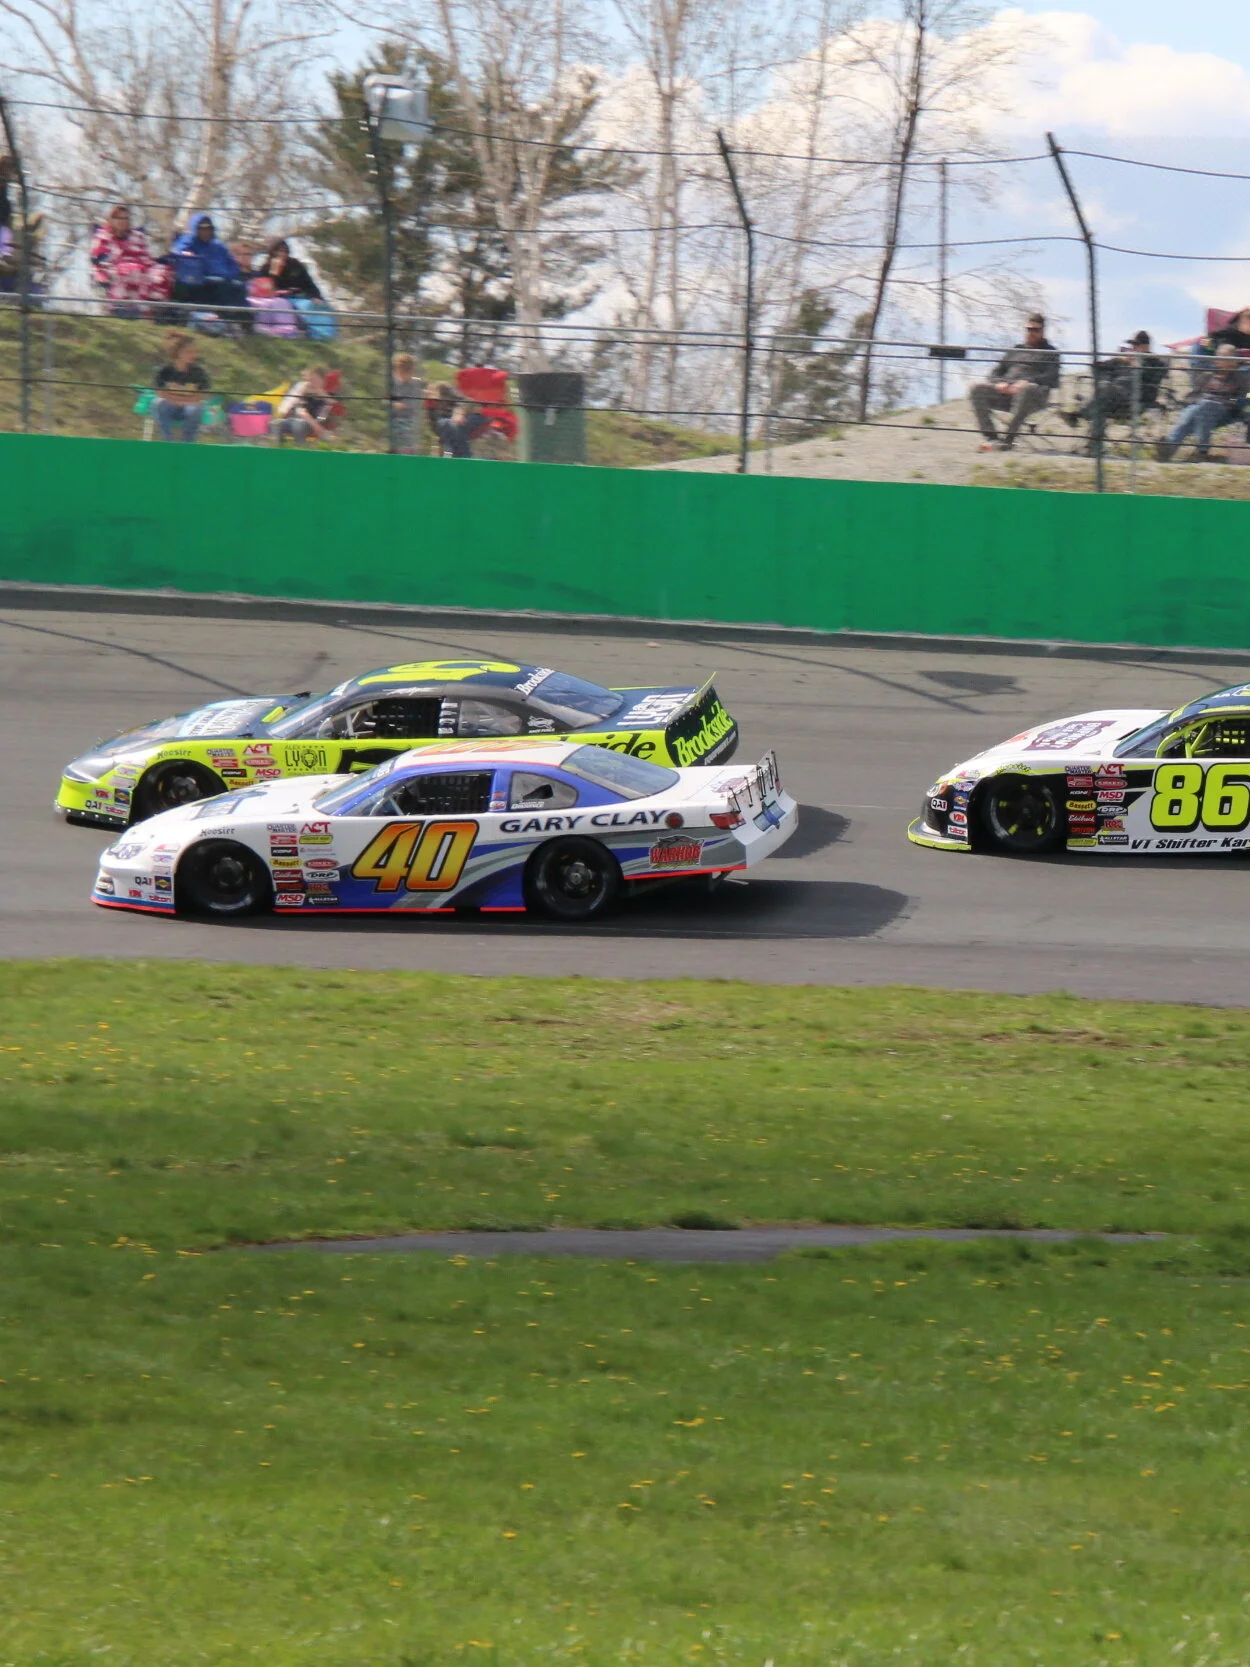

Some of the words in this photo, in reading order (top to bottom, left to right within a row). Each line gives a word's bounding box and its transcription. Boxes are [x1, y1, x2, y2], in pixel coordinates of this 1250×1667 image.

[672, 700, 734, 767] Brookside
[243, 743, 272, 756] ACT
[255, 769, 280, 777] MSD
[1097, 763, 1125, 774] ACT
[1099, 791, 1123, 799] MSD
[932, 799, 947, 809] QA1
[499, 815, 584, 833] GARY
[591, 809, 668, 827] CLAY
[301, 822, 331, 832] ACT
[1131, 840, 1151, 849] VT
[1156, 838, 1218, 849] Shifter
[351, 820, 479, 892] 40
[278, 894, 303, 902] MSD

━━━━━━━━

» What the exercise asks:
Could you return the listing above exactly, minus its pictures?

» Response to this exercise:
Some of the words in this photo, in reading order (top to bottom, left to right within a row). Each line gives a word's bounding box and its transcription. Boxes are [x1, y1, x2, y2], in pixel coordinates of this 1250×1667 image.

[672, 700, 734, 767] Brookside
[243, 743, 272, 756] ACT
[255, 769, 280, 777] MSD
[1097, 763, 1125, 774] ACT
[1099, 791, 1123, 799] MSD
[932, 799, 947, 809] QA1
[499, 815, 584, 833] GARY
[591, 809, 668, 827] CLAY
[301, 822, 331, 832] ACT
[1131, 840, 1151, 849] VT
[1156, 838, 1218, 849] Shifter
[351, 820, 479, 892] 40
[278, 894, 303, 902] MSD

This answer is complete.